I want to read a gcode-file into matlab.. The format looks something like below…
;LAYER:0
M107
G0 F9000 X89.19 Y90.68 Z0.30
;TYPE:SKIRT
G1 F1200 X89.40 Y91.83 E0.05822
G1 X89.67 Y92.97 E0.11703
G1 X90.01 Y94.10 E0.17553
I want to read the G0 and G1 commands, describing positions.. The input not complete and may not hold all coordinates in all lines.. The output I'm looking for is a array (or a table) with the X, Y and Z movements, with a NaN or zero when values are missing.. So something like this:
89.19 90.68 0.30
89.40 91.83 NaN
89.67 92.97 NaN
90.01 94.10 NaN
I've been trying to use regexp, but can't really wrap my head around it..

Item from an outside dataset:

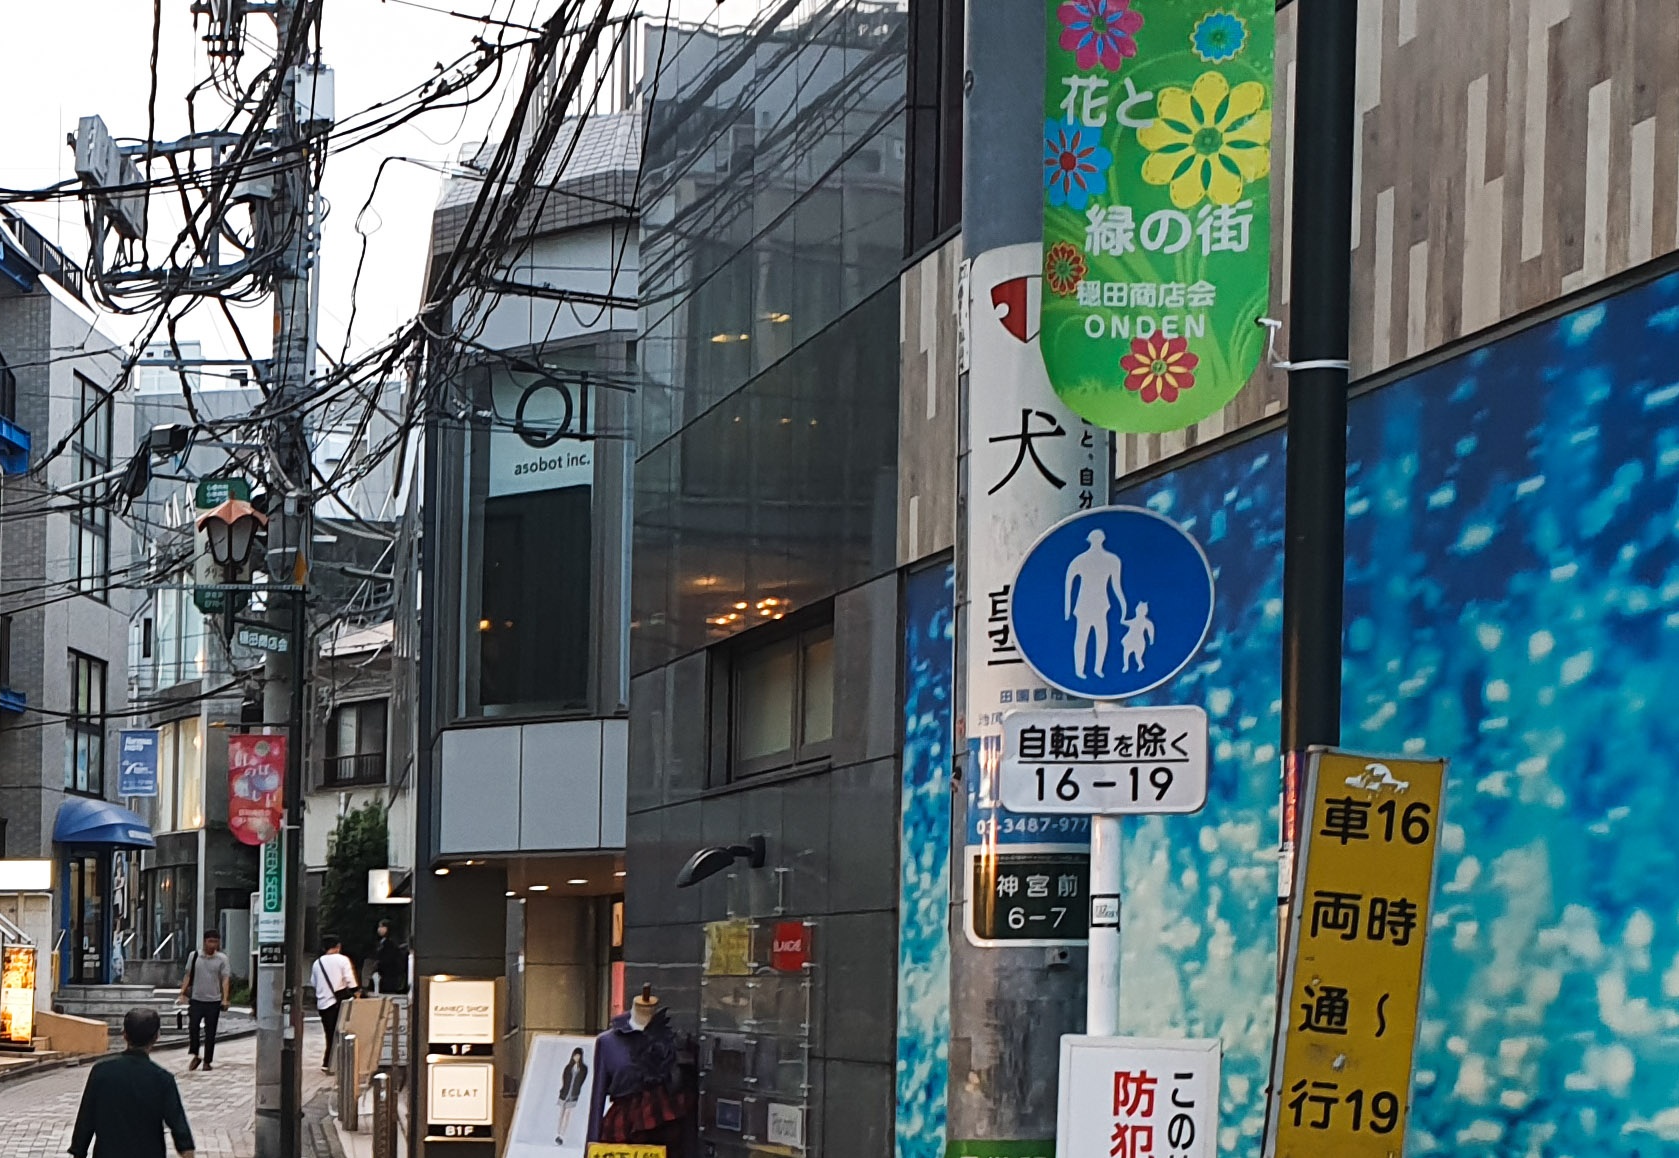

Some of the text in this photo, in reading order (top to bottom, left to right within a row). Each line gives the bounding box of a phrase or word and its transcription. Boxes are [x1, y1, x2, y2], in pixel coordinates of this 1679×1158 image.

I've already made a loop based reader, that splits the strings and examines if with IF-statements, but this is timeconsuming, as these files may hold hundred of thousands of commands….

Best Answer

regular expressions may not be the right tool for this job, particularly, if the order is not guaranteed to be XYZ. If it is guaranteed, then it's possible (you can even do it on the whole file content at once). Unfortunately, Matlab's regular expression engine does not support captures within groups so it requires some post-processing:
filecontent = fileread(fullfile(path, filename));
coordinates = regexp(filecontent, '^G[01][^X\n\r]*(X\d+\.\d+)?[^Y\n\r]*(Y\d+\.\d+)?[^Z\n\r]*(Z\d+\.\d+)?.*$', 'tokens', 'dotexceptnewline', 'lineanchors');
coordinates = vertcat(coordinates{:});
coordinates = str2double(cellfun(@(x) x(2:end), coordinates, 'UniformOutput', false))
The cellfun above is to remove the X/Y/Z prefix that matlab regular expression engine can't remove due to its limitation.
Two assumptions are made in the regular expression:
  • X, if present, is always before Y, if present, which is always before Z, if present. That restriction can't easily be removed.
  • coordinates are of the form digits.digits. That can be changed if they can be just digits (or .digits) at the expense of a more complicated regular expression.
Explanation of the regular expression
^ match beginning of line (because of the lineanchor option)
G match G
[01] match 0 or 1
[^X\n\r]* match anything that is not X or the next line, as many times as necessary
(...)? start the first capture that may not be present, the content of the capture is
\d+\.\d+ match 1 or more digits, a dot, 1 or more digits
repeat the three lines above for Y and Z
.* match anything but new lines (because of the dotexceptnewline option) for the rest of the line
$ match the end of the line (because of the lineanchor option)
Matlab is the only regular expression engine I know (among .Net, C++, python, ruby, java, php) where dot also match a new line. Hence the need for the dotexceptnewline option.